→ Exercise goal: From top to bottom, retype the data exactly, passing over any picture.
### Input data ###
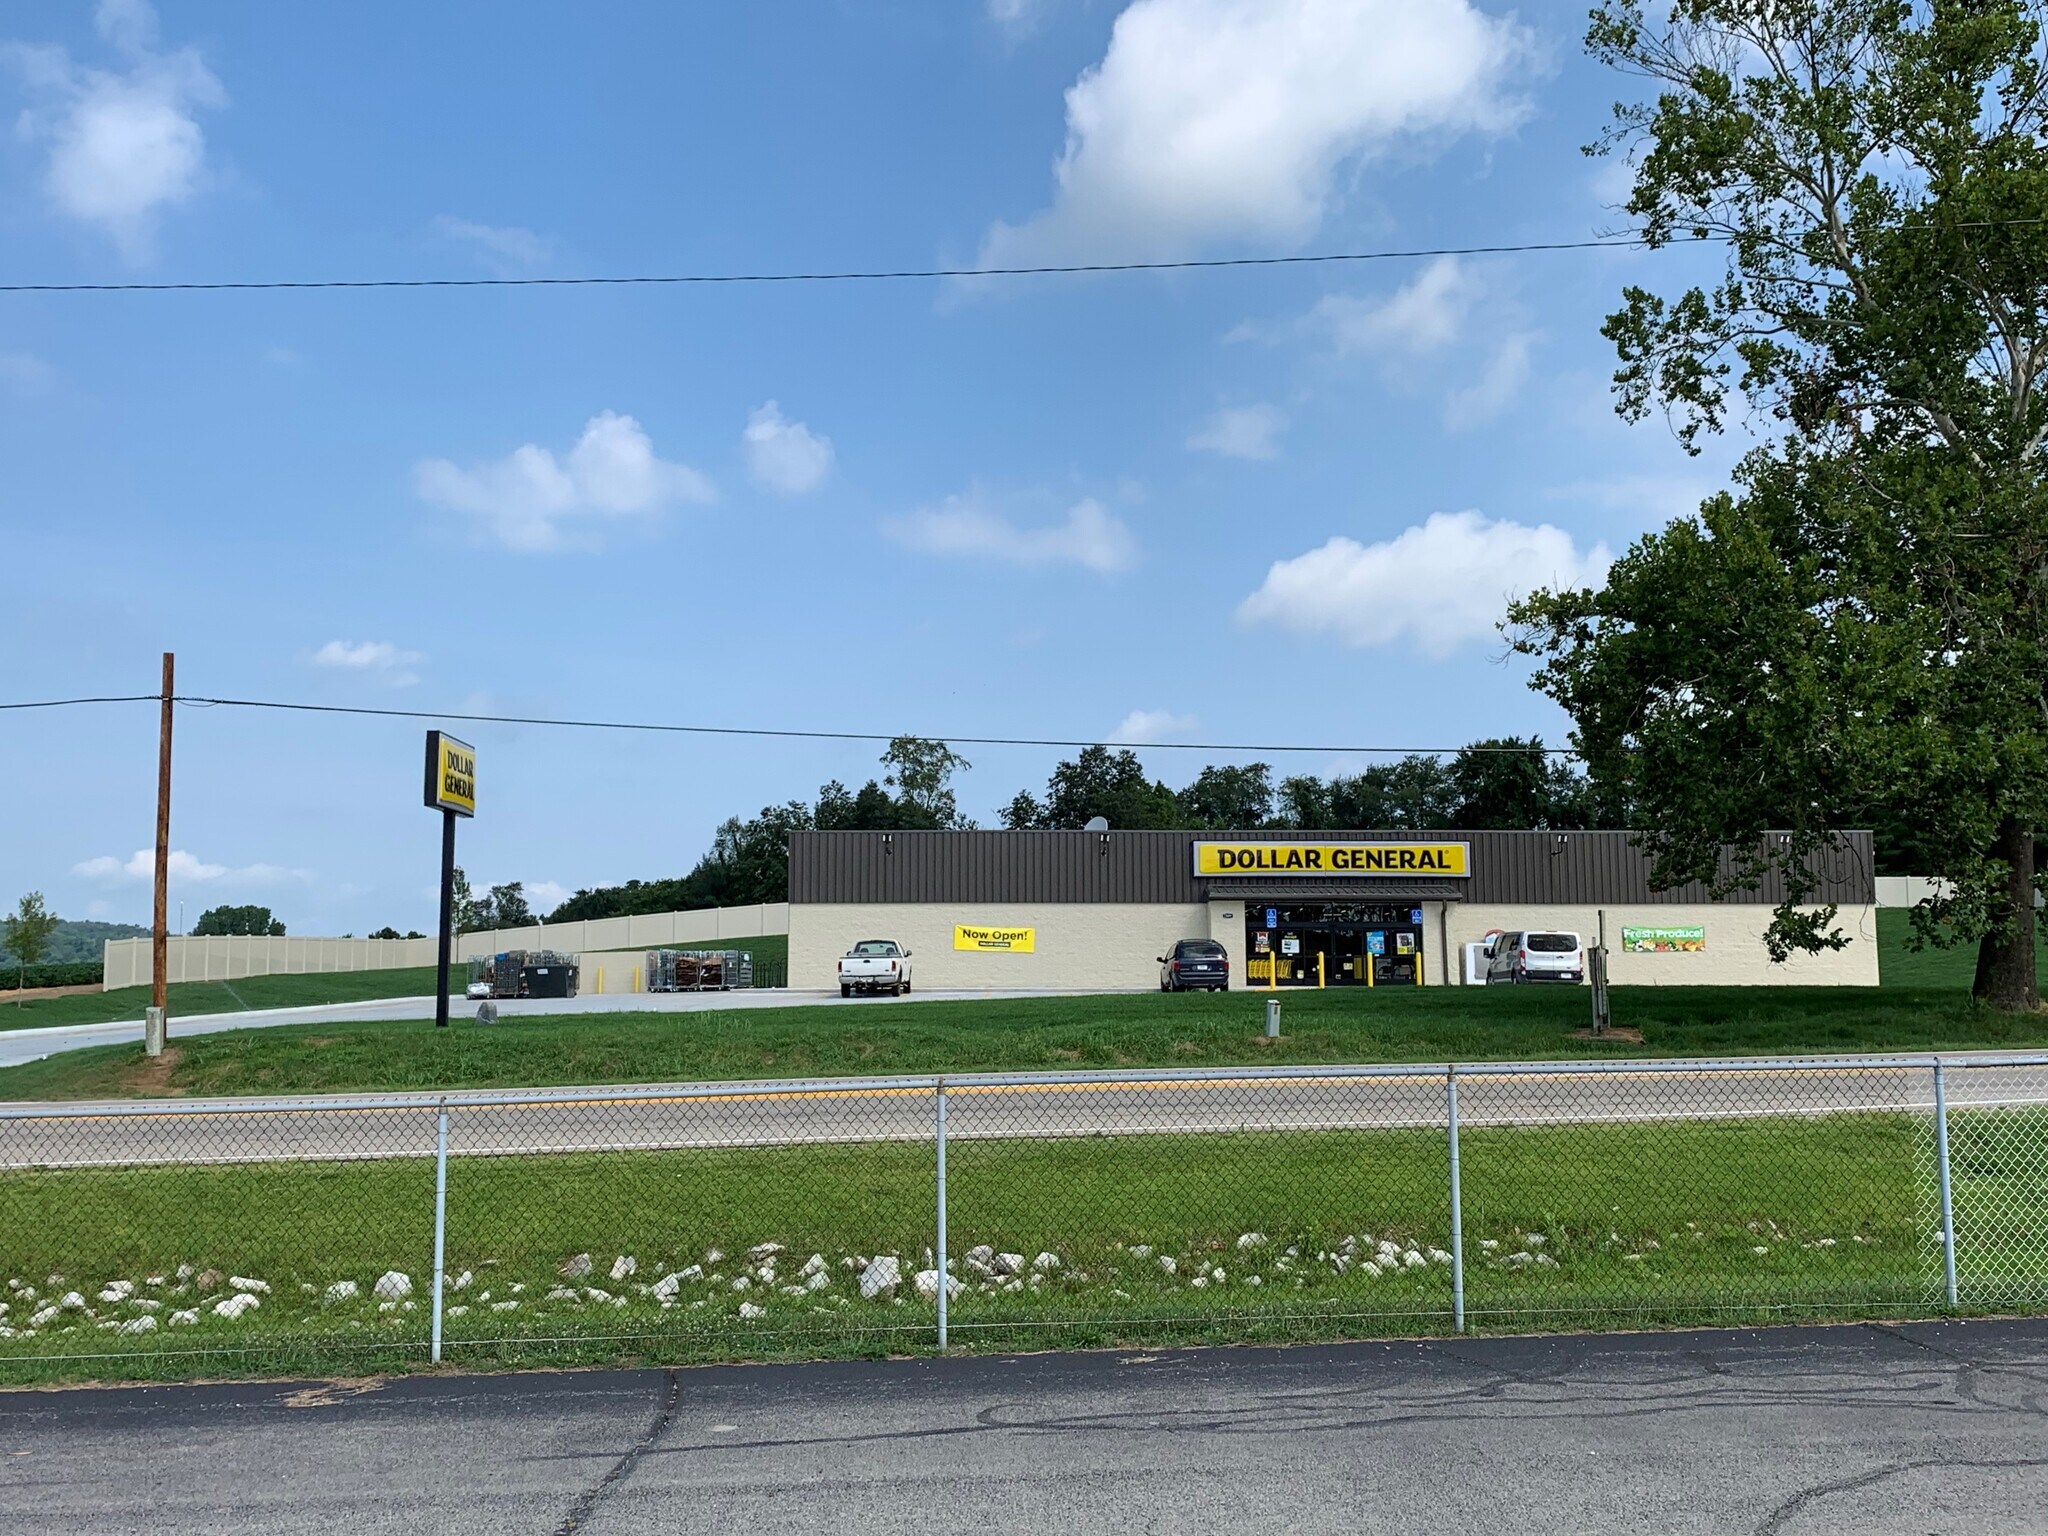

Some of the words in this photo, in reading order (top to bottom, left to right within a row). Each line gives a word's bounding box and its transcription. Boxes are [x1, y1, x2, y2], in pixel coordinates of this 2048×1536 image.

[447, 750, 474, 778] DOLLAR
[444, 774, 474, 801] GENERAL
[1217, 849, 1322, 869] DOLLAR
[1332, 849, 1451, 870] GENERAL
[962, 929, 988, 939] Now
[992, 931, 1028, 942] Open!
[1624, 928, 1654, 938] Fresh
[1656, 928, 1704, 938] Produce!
###
→ Task response:
Some of the words in this photo, in reading order (top to bottom, left to right within a row). Each line gives a word's bounding box and its transcription. Boxes are [x1, y1, x2, y2], in pixel coordinates of this 2048×1536 image.

[447, 750, 474, 778] DOLLAR
[444, 774, 474, 801] GENERAL
[1217, 849, 1322, 869] DOLLAR
[1332, 849, 1451, 870] GENERAL
[962, 929, 988, 939] Now
[992, 931, 1028, 942] Open!
[1624, 928, 1654, 938] Fresh
[1656, 928, 1704, 938] Produce!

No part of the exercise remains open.